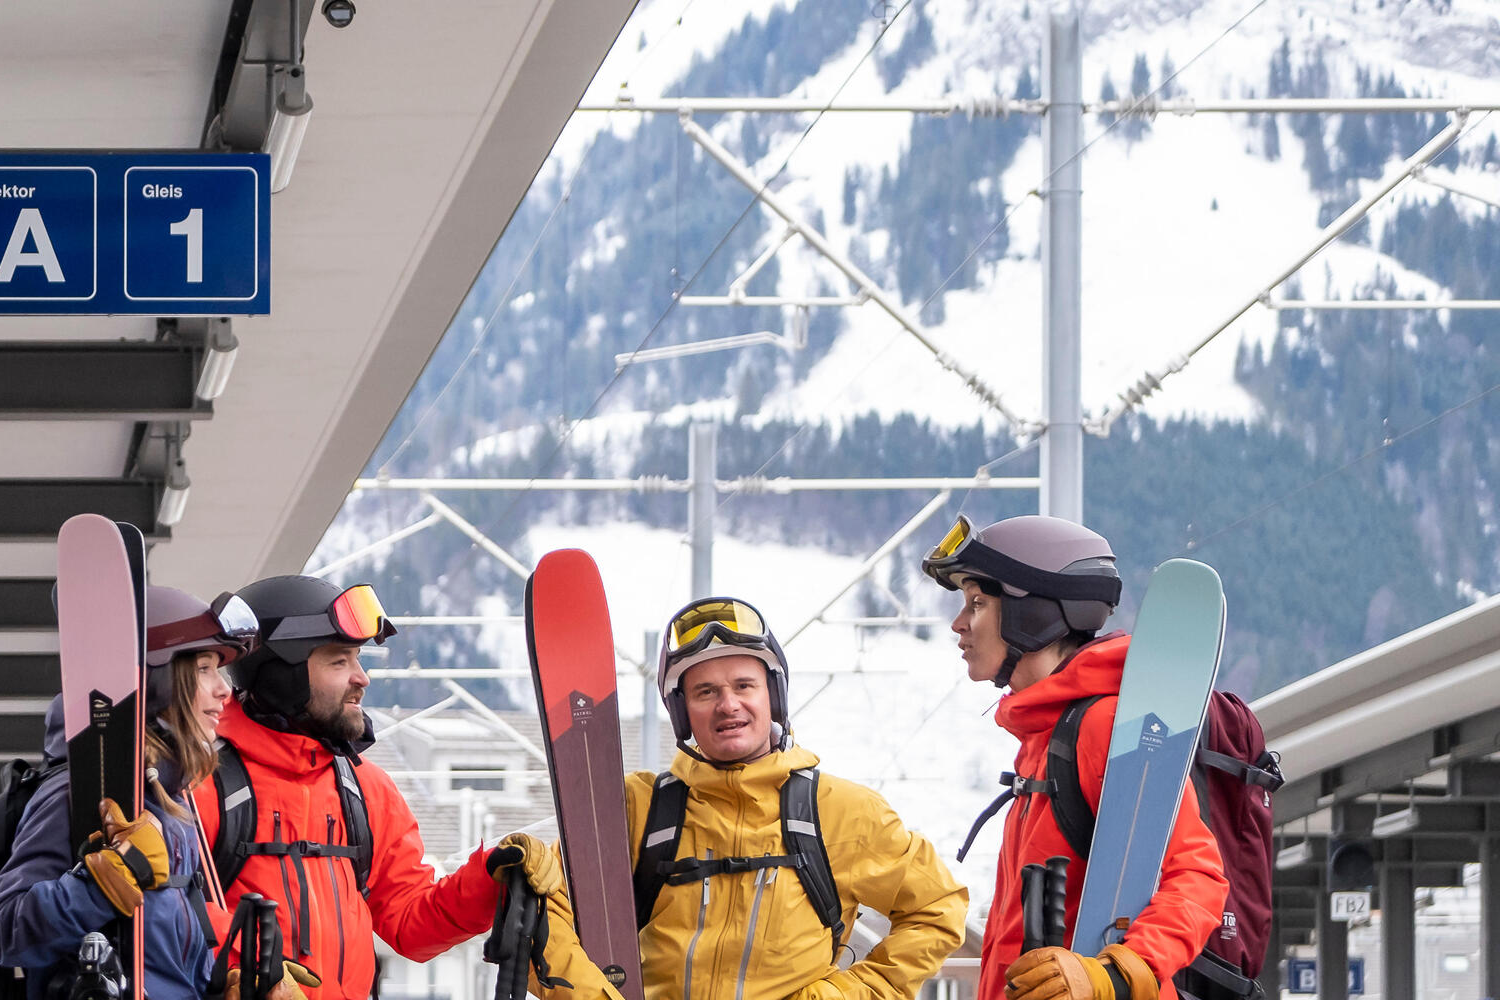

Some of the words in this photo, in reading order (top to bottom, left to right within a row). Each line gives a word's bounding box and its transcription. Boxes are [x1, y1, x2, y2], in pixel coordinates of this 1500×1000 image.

[142, 184, 183, 199] Gleis
[170, 208, 203, 283] 1
[1335, 896, 1366, 913] FB2
[1300, 969, 1316, 988] B
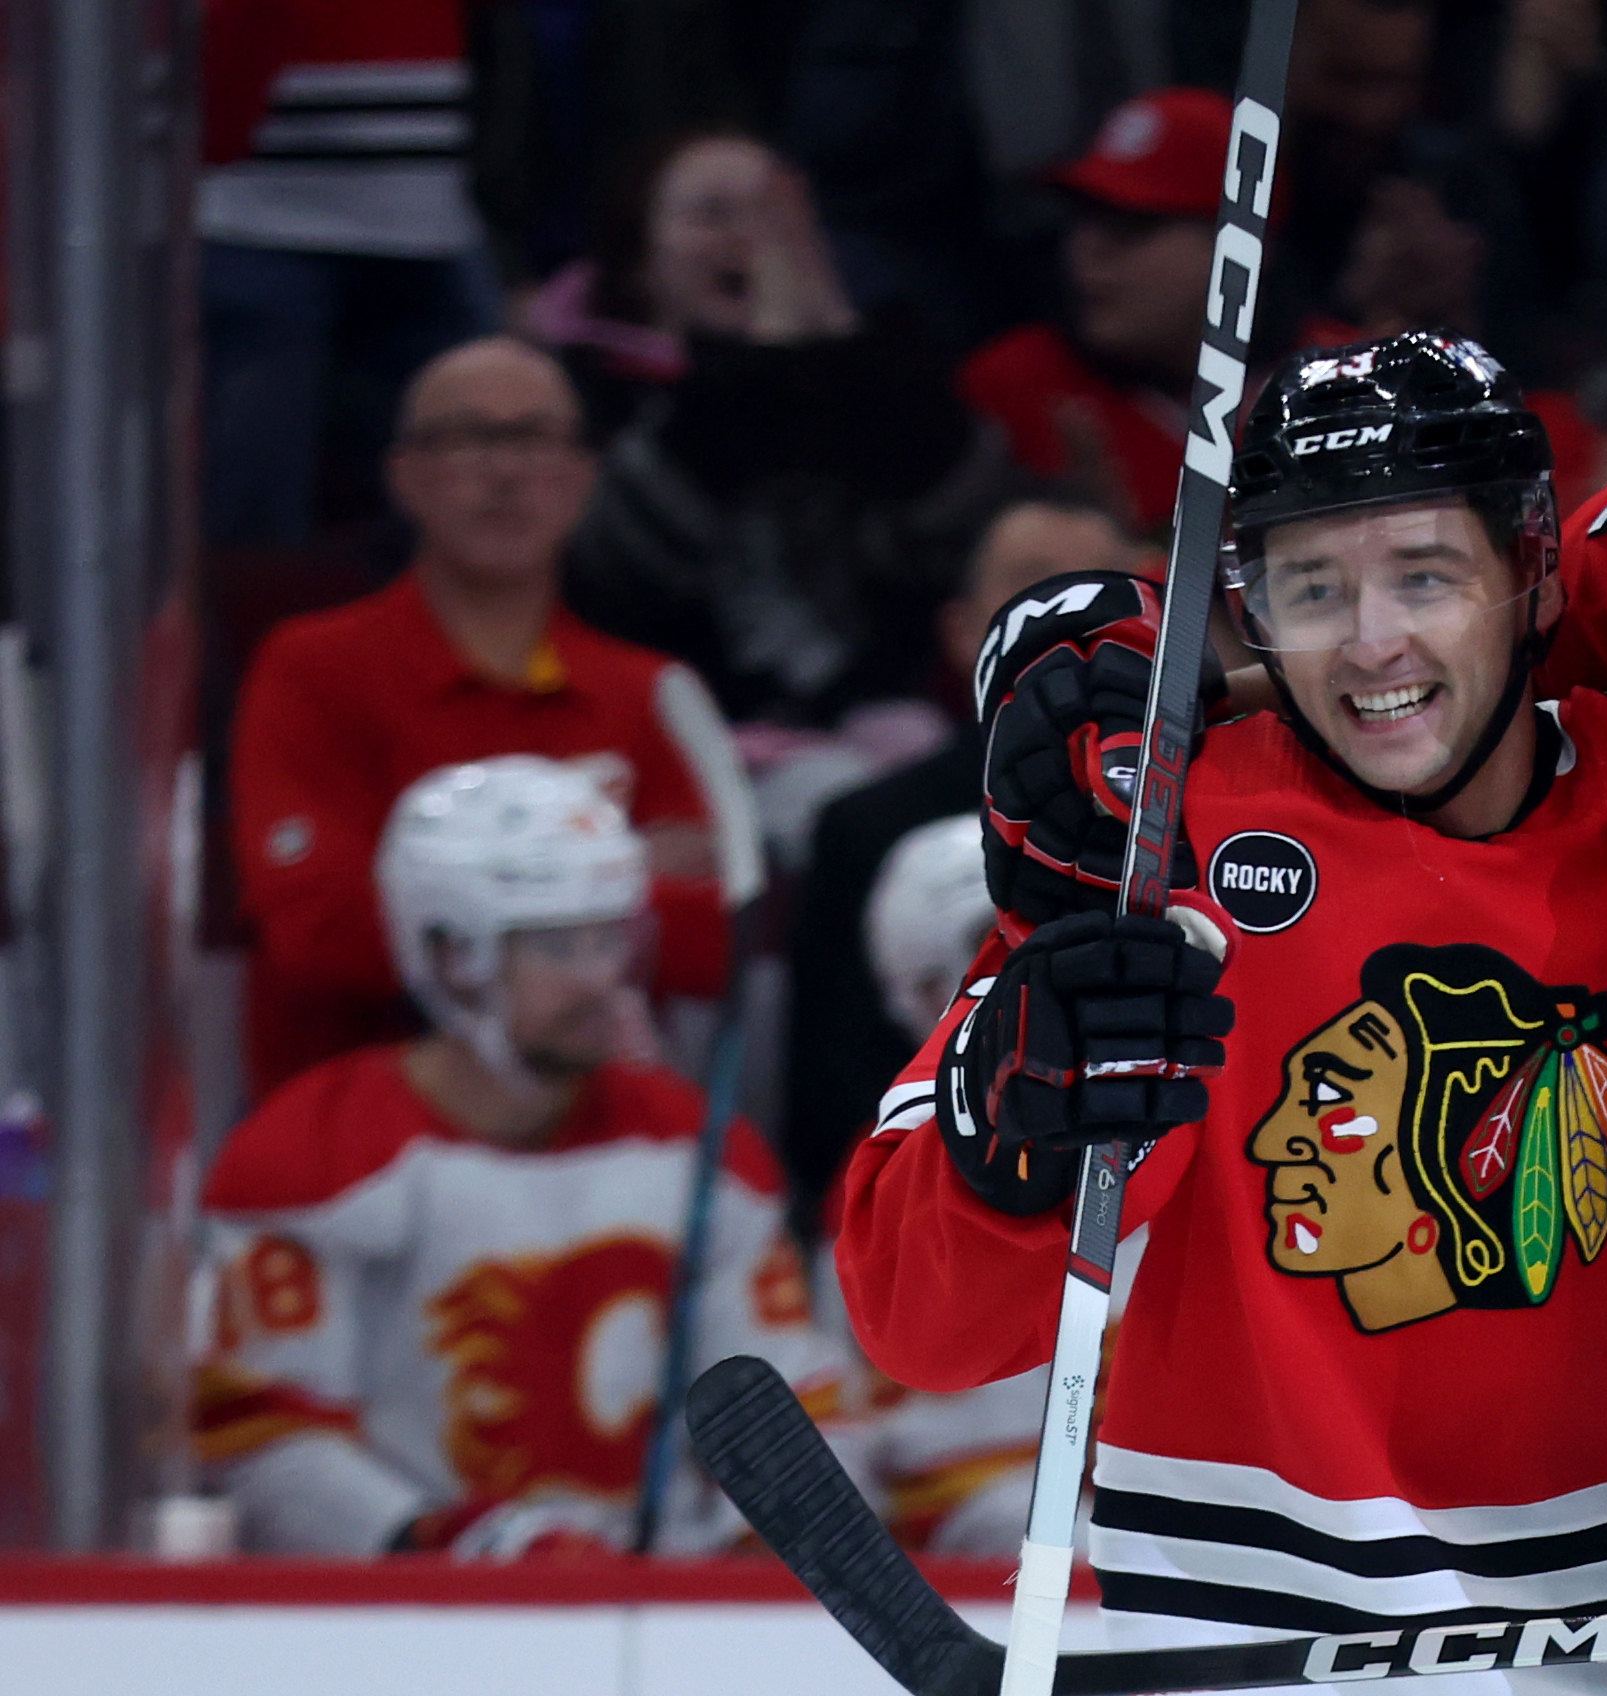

■ ■ ■ ■

_REQUIREMENT_: Omit the pictures, then set down all the remaining data exactly as given.

_EXERCISE ANSWER_:
Some of the words in this photo, in reading order (top to bottom, left to right within a row). Each line gives a word's bounding box and its transcription. Boxes are [x1, y1, x2, y2], in pixel coordinates of this 1500×1000 image.

[142, 184, 183, 199] Gleis
[170, 208, 203, 283] 1
[1335, 896, 1366, 913] FB2
[1300, 969, 1316, 988] B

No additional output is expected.